SFU mathematician finding new insights on evolution through the lens of infectious disease

November 18, 2022

Evolution has produced a wealth of biological diversity in the natural world. Underneath that diversity, Ailene MacPherson sees a complex web of interactions that can be described with mathematical models.

In her role as Assistant Professor at SFU Mathematics and Canada Research Chair of Theoretical Evolutionary Epidemiology, she is working to develop population genetic models to better understand how infectious diseases interact with their hosts.

Her recent research evaluates multiple models used to track the evolution of species and finds that all biological diversity can be described with the same mathematical models. Unifying these frameworks can help us understand past extinctions and earth’s biodiversity; and can inform conservation and public health policies to slow the spread of infectious diseases.

“Mathematics is foundational to our understanding of evolutionary biology,” MacPherson explains. “Theoretical models help us synthesize the genetic, evolutionary, and ecological dynamics that create and maintain biodiversity.”

She first realized mathematics’ potential to describe the natural world during her undergraduate studies.
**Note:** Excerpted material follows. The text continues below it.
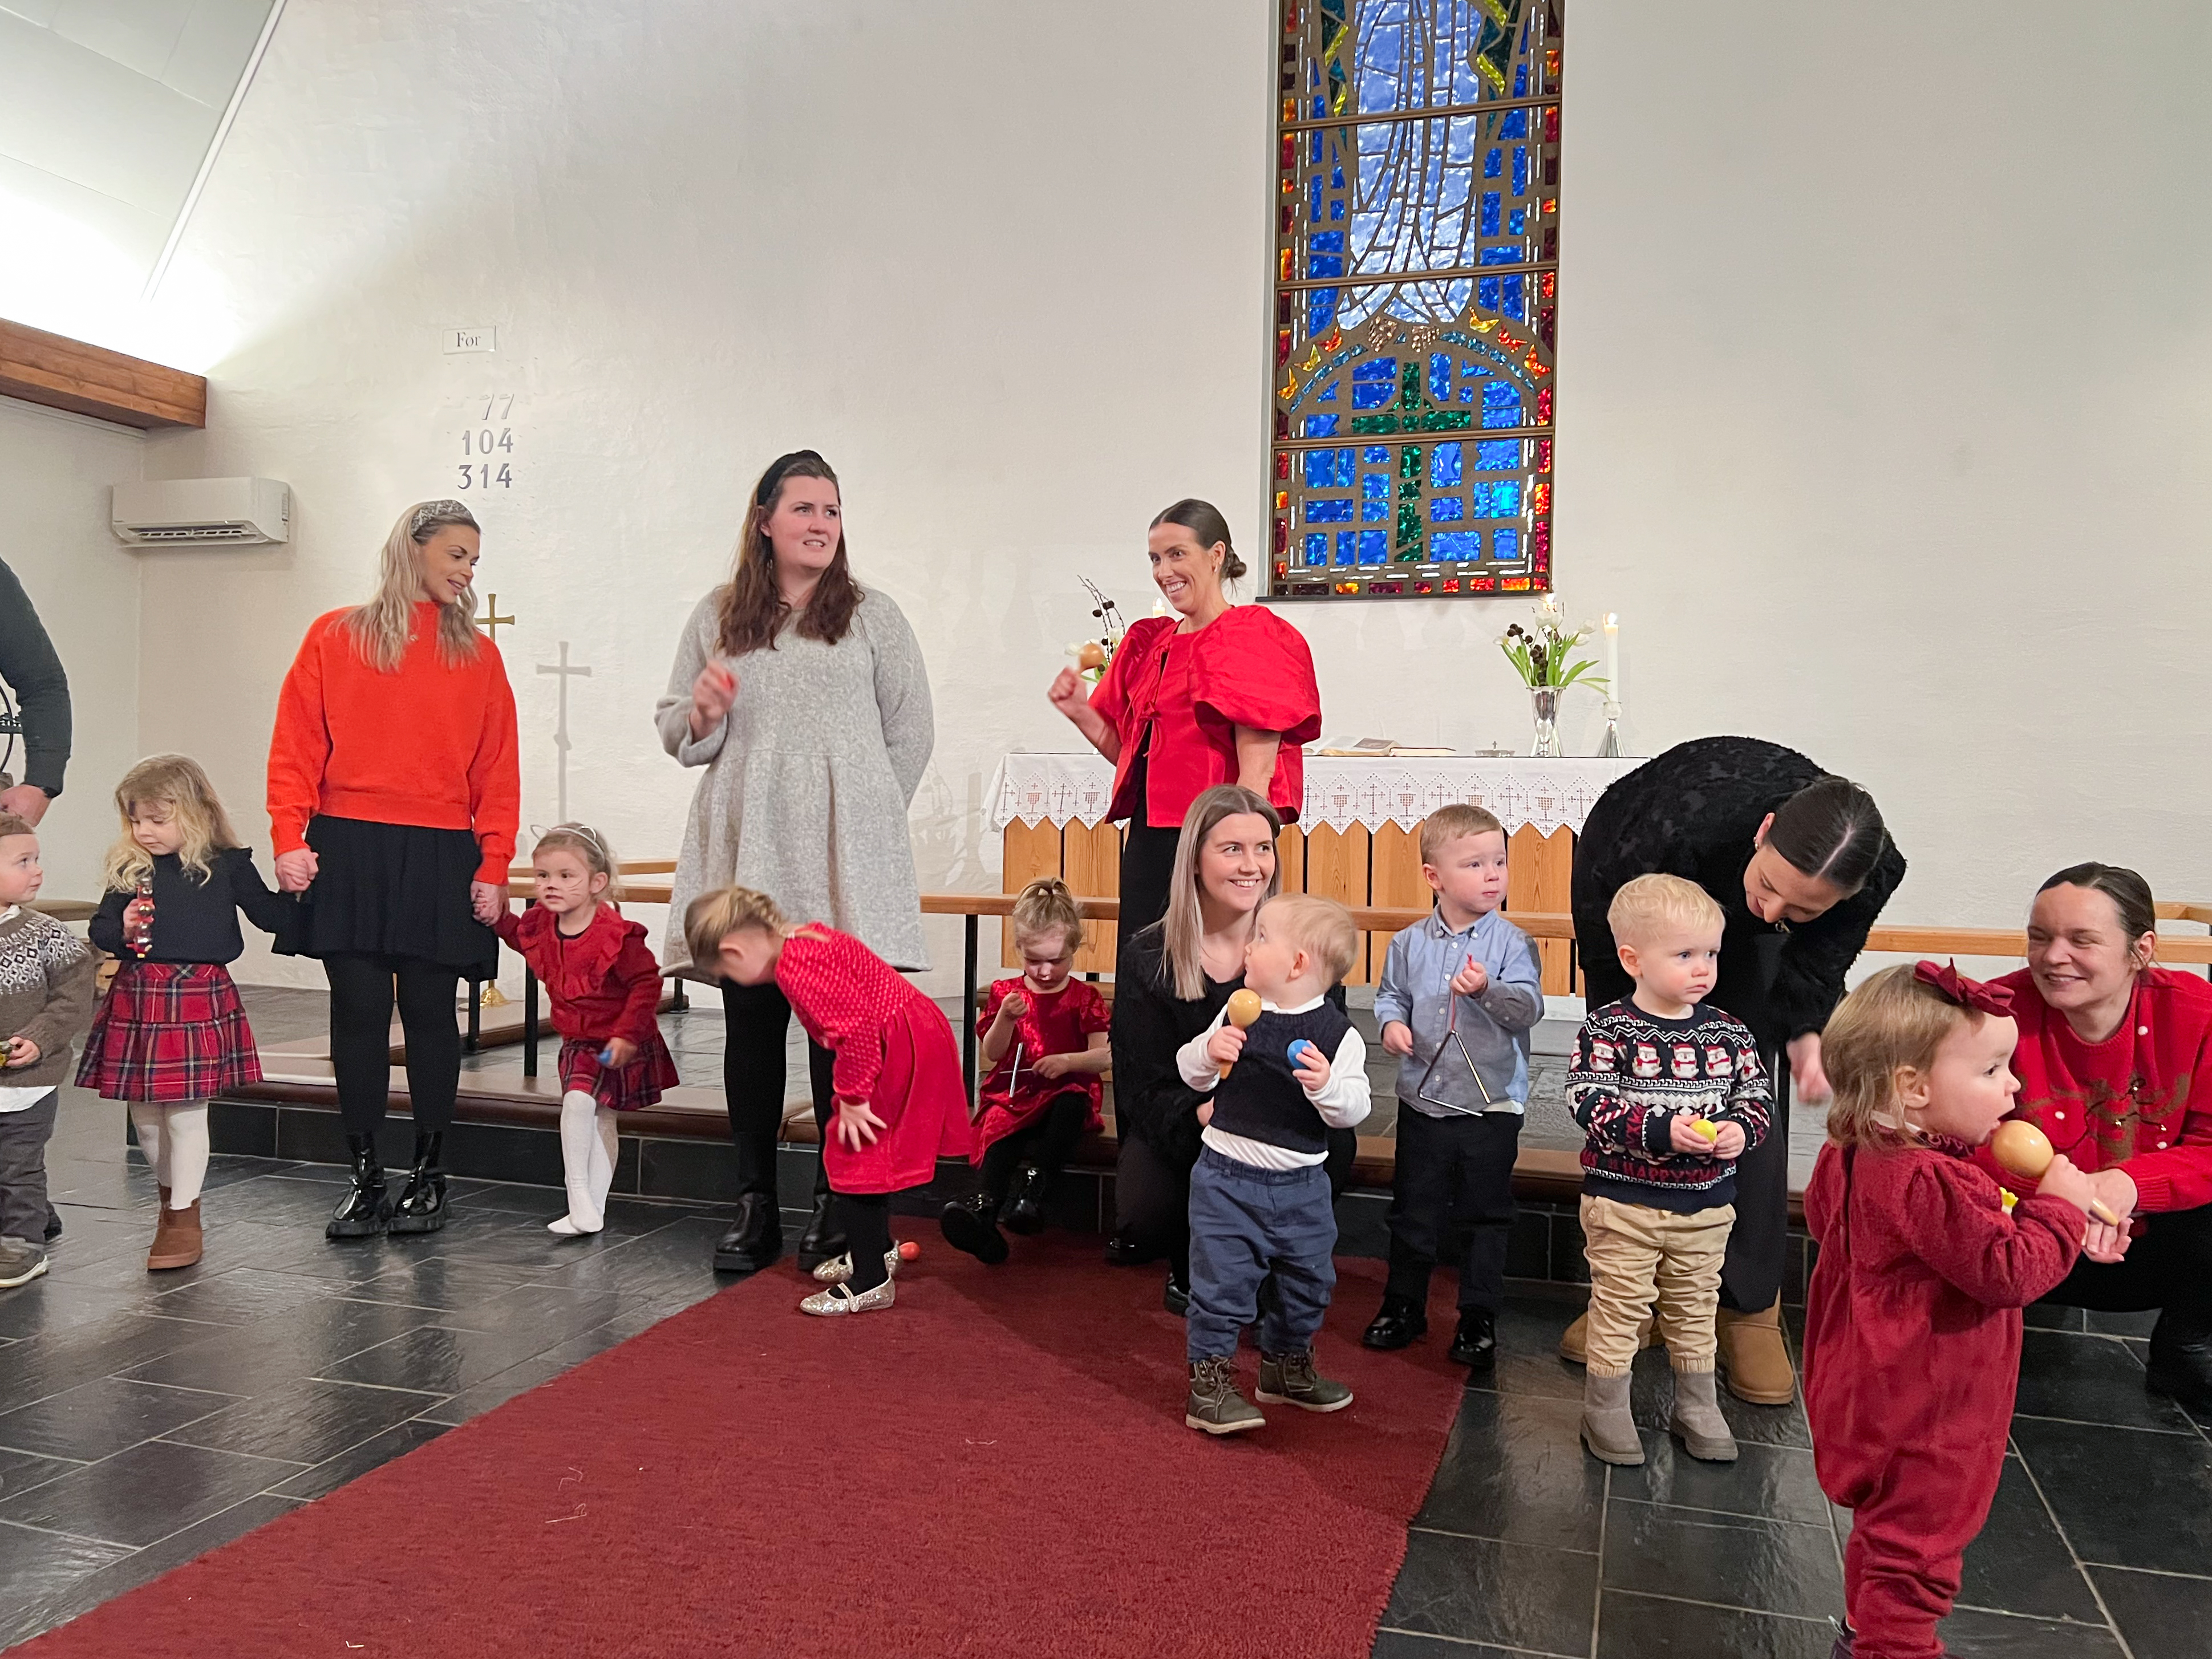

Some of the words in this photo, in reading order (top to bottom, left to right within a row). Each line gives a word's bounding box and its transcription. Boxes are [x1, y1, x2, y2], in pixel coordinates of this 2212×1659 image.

[479, 394, 514, 420] 77
[462, 428, 513, 456] 104
[457, 463, 512, 489] 314
While examining how lizards at White Sands National Monument had evolved a white colouration to avoid predators, she developed a population genetic model of lizard evolution. “I was hooked,” she says.

While at SFU, MacPherson has turned her attention toward modelling the complex interactions between infectious diseases and their hosts. “Infectious diseases are important biologically but also have the potential to be a rich source of knowledge about evolutionary biology as a whole. To do so, however, we must develop a whole new theory and set of methods, re-evaluating long-standing assumptions and constructing new hypotheses.”

One of these assumptions is the Red Queen hypothesis, which maintains that species must continually evolve and proliferate to compete with coexisting species in order to avoid extinction.

“During my PhD, I developed a mathematical model showing that despite its widespread acceptance, the Red Queen hypothesis is not, in fact, true,” MacPherson says. “This has widespread implications for our understanding of the natural world and the role of species interactions in that world.”

In her current research program she is working to develop methods for robustly estimating infectious disease dynamics from viral genomic data, and develop statistical inference methods to examine coevolution between hosts and infectious pathogens. Better modeling of these dynamics will help to inform new strategies for public health and conservation.

“I love how the lines between math and biology blur,” she says. “When I am working on math I am imagining biology and when I read about biology I visualize it as a mathematical model. When I can no longer tell the two apart is when I am happiest.”